Depressed + Need More T3?
Last week I had a patient with normal T3 levels tell me that her shrink decided to give her a hefty dose of cytomel in addition to her Selective Serotonin Reuptake Inhibitor (SSRI) to see if it would help with her depression.
WTF? Never heard of it, so I thought I’d investigate and share my findings with you.
Turns out that patients with normal thyroid function who are treated with Prozac and Zoloft experience a significant drop in their T3 at 15 and 30 days after treatment is started (de Carvalho et al., 2009). No such change was noticed in hypothyroid patients treated with these SSRIs.
Other studies have shown that in patients treated with SSRIs who don’t respond, adding T3 can help their depression. In one study from my old stomping grounds at Harvard, Massachusetts General Hospital, 39% improved (Iosifescu et al., 2008). However, a larger review of all data including 5 randomized trials (the best quality evidence) reports that T3 aumentation cannot conclusively be said to improve depression in patients on SSRIs (Cooper-Kazaz and Lerer, 2008). In other words, the jury is still out.
If you’re on an SSRI, has your prescribing doctor offered T3? Should you be on an SSRI? I believe SSRIs are overprescribed. I believe they are needed for severe depression but may be worse than placebo for mild to moderate depression. Did you catch the news in April that anti-depressants are associated with an 11% increased risk of breast and ovarian cancer (Cosgrove, 2011). After pouring over 61 studies of anti-depressants, lead author Lisa Cosgrove of the Harvard Center for Ethics also found an important link between researchers who are affiliated or unaffiliated with pharmaceutical companies. Among “clean” researchers, with no ties to pharmaceutical companies, 43% had a positive link between antidepressant use and breast/ovarian cancer. And the affiliated researchers? 0% found a link between antidepressants and breast/ovarian cancer. You read it right: 0%. Conflict of interest? Perhaps.

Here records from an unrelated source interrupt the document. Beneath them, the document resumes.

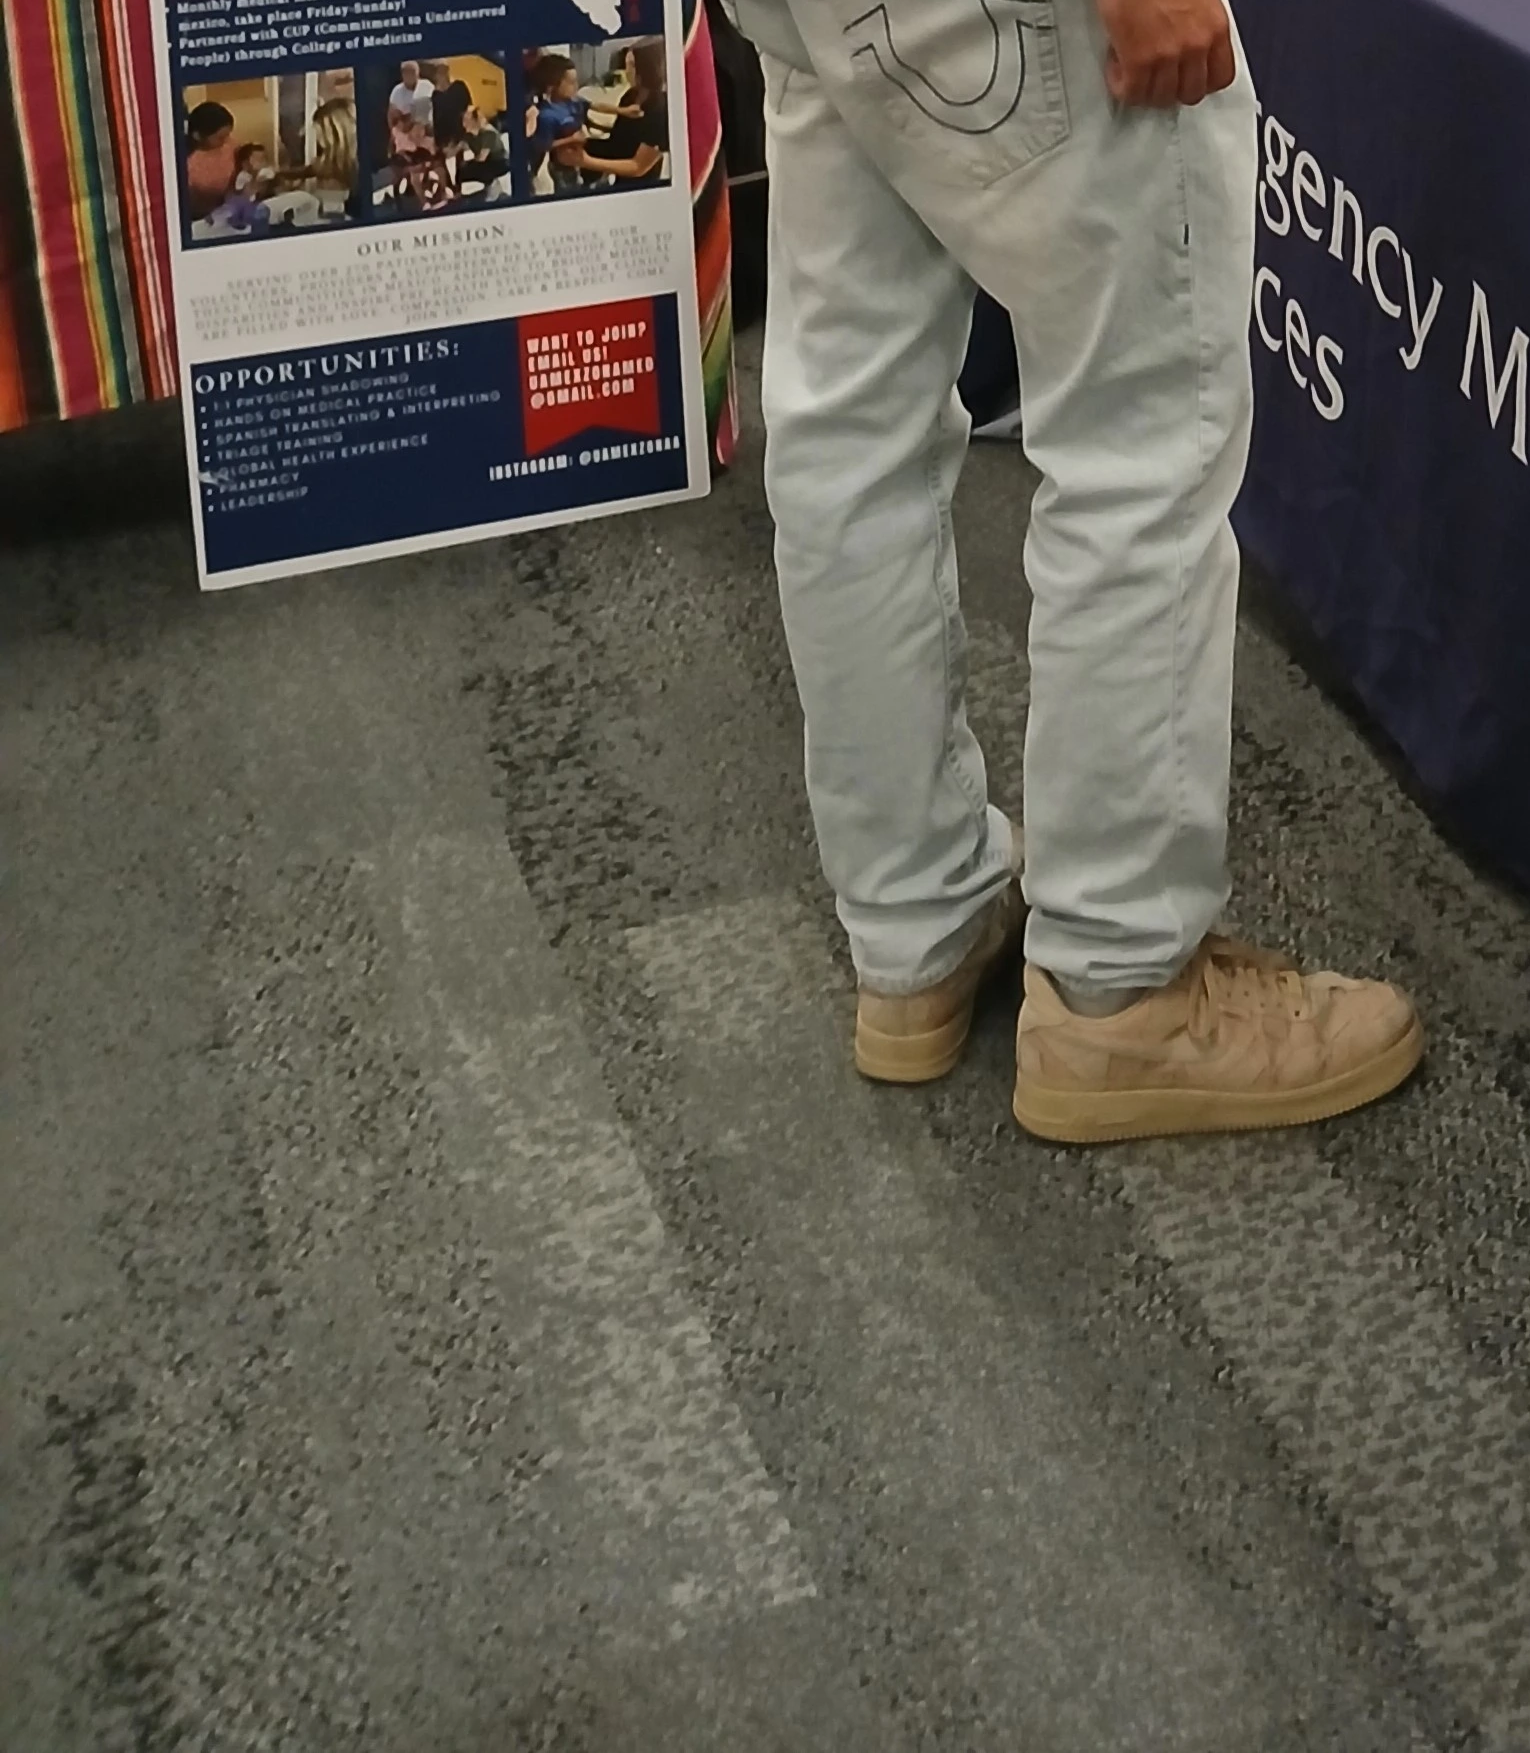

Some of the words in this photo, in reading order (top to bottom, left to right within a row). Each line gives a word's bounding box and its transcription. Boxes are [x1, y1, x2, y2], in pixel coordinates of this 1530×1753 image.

[179, 30, 246, 49] Partnered
[250, 28, 279, 41] with
[283, 24, 311, 38] CUP
[408, 15, 421, 25] to
[425, 4, 506, 24] Underserved
[234, 12, 263, 26] take
[267, 9, 302, 25] place
[180, 51, 231, 68] People)
[234, 44, 288, 62] through
[292, 39, 342, 57] College
[345, 37, 359, 49] of
[363, 31, 423, 48] Medicine
[356, 237, 403, 257] OUR
[526, 332, 569, 354] WANT
[576, 328, 594, 347] TO
[601, 321, 647, 343] JOIN?
[1254, 266, 1344, 421] ces
[195, 339, 459, 395] OPPORTUNITIES:
[527, 350, 575, 373] EMAIL
[582, 345, 608, 364] US!
[214, 411, 264, 429] HANDS
[269, 407, 292, 421] ON
[298, 398, 360, 415] MEDICAL
[367, 383, 437, 405] PRACTICE
[236, 388, 315, 409] PHYSICIAN
[321, 372, 409, 395] SHADOWING
[216, 426, 278, 447] SPANISH
[284, 408, 380, 434] TRANSLATING
[402, 389, 501, 415] INTERPRETING
[217, 443, 269, 461] TRIAGE
[276, 431, 343, 452] TRAINING
[282, 449, 336, 467] HEALTH
[341, 432, 428, 459] EXPERIENCE
[219, 471, 299, 494] PHARMACY
[220, 485, 308, 512] LEADERSHIP

Anti-depressants are prescribed more widely than just for depression. I was taught in my medical training to use them for hot flashes (particularly… get this, in breast cancer survivors who can’t take estrogen), headache, back pain, anxiety, eating disorders such as bulimia, fibromyalgia. Time to rethink the SSRI program in this country, where 11% of our population is on an SSRI, and most of them are women.

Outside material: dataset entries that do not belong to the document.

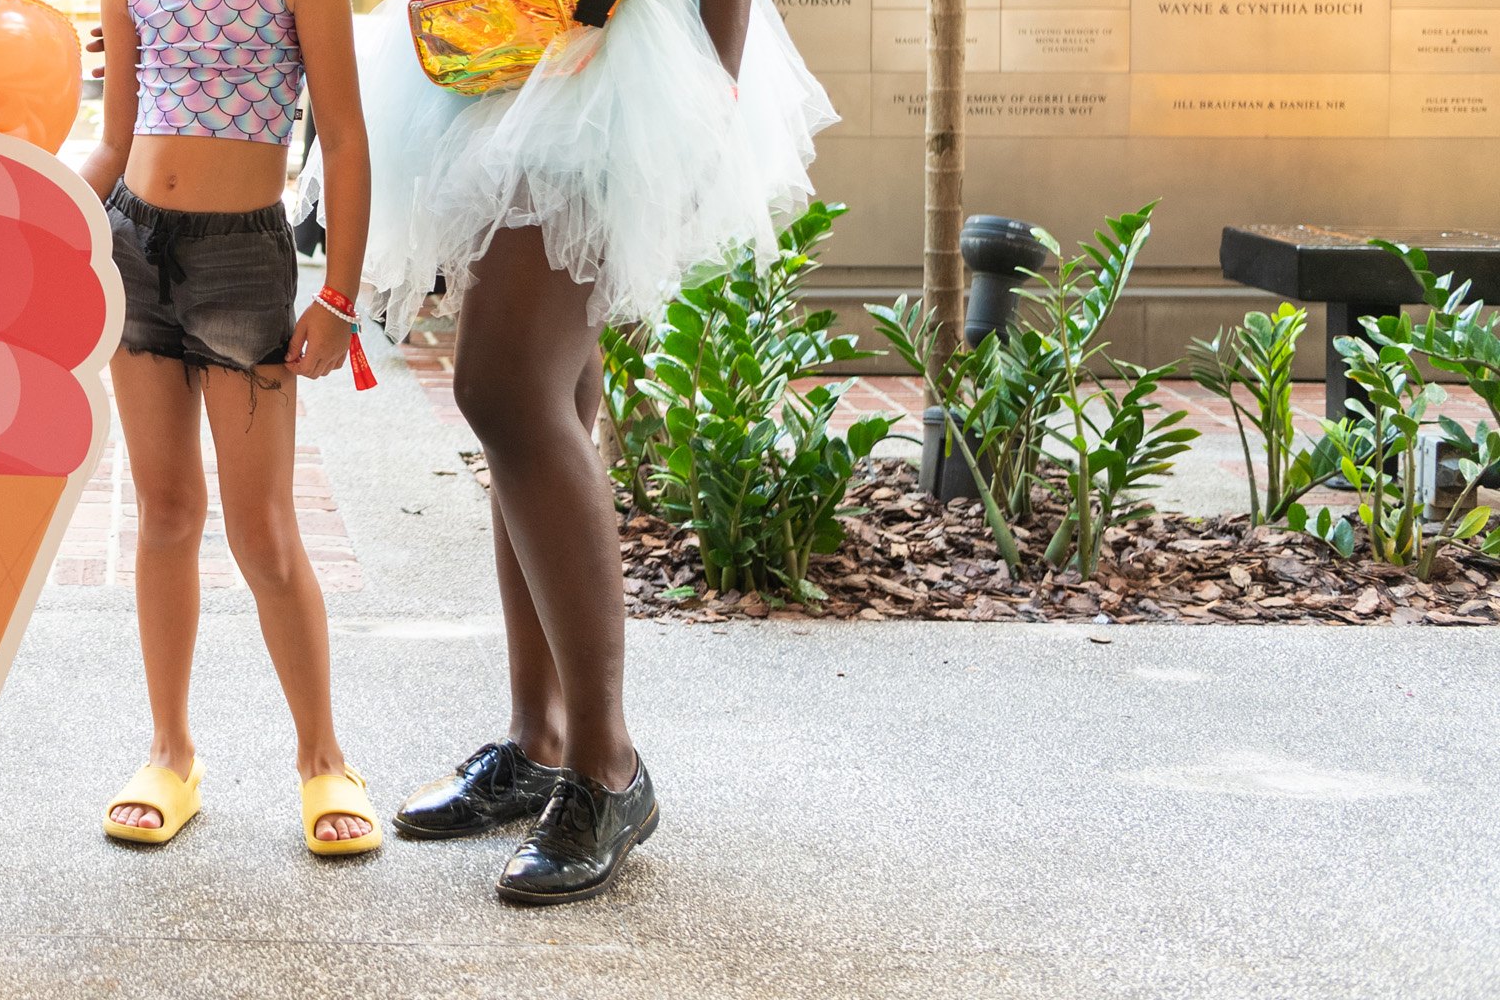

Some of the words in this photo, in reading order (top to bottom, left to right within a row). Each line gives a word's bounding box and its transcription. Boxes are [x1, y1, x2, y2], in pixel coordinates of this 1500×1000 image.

[1158, 3, 1213, 15] WAYNE
[1219, 3, 1229, 15] &
[1236, 3, 1308, 15] CYNTHIA
[1314, 3, 1363, 15] BOICH
[1064, 28, 1099, 36] MEMORY
[1102, 28, 1113, 36] OF
[893, 94, 905, 103] IN
[966, 94, 1007, 104] EMORY
[1010, 94, 1024, 104] OF
[1172, 101, 1195, 110] JILL
[1199, 101, 1264, 110] BRAUFMAN
[1267, 101, 1275, 110] &
[1279, 101, 1321, 110] DANIEL
[1326, 101, 1347, 110] NIR
[967, 106, 1003, 116] AMILY
[1008, 106, 1065, 116] SUPPORTS

Cooper-Kazaz R, Lerer B. Efficacy and safety of triiodothyronine supplementation in patients with major depressive disorder treated with specific serotonin reuptake inhibitors. Int J Neuropsychopharmacol. 2008 Aug;11(5):685-99. Epub 2007 Nov 30.

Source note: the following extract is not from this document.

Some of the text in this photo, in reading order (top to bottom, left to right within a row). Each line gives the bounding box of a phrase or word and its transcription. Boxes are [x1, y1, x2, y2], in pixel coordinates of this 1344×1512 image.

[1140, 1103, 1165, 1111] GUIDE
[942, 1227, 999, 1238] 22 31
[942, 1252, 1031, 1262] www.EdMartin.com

Cosgrove L, Shi L, Creasey DE, Anaya-McKivergan M, Myers JA, Huybrechts KF. Antidepressants and breast and ovarian cancer risk: a review of the literature and researchers’ financial associations with industry. PLoS One. 2011 Apr 6;6(4):e18210.
Iosifescu DV, Bolo NR, Nierenberg AA, Jensen JE, Fava M, Renshaw PF. Brain bioenergetics and response to triiodothyronine augmentation in major depressive disorder. Biol Psychiatry. 2008 Jun 15;63(12):1127-34. Epub 2008 Jan 22.
de Carvalho GA, Bahls SC, Boeving A, Graf H. Effects of selective serotonin reuptake inhibitors on thyroid function in depressed patients with primary hypothyroidism or normal thyroid function. Thyroid. 2009 Jul;19(7):691-7.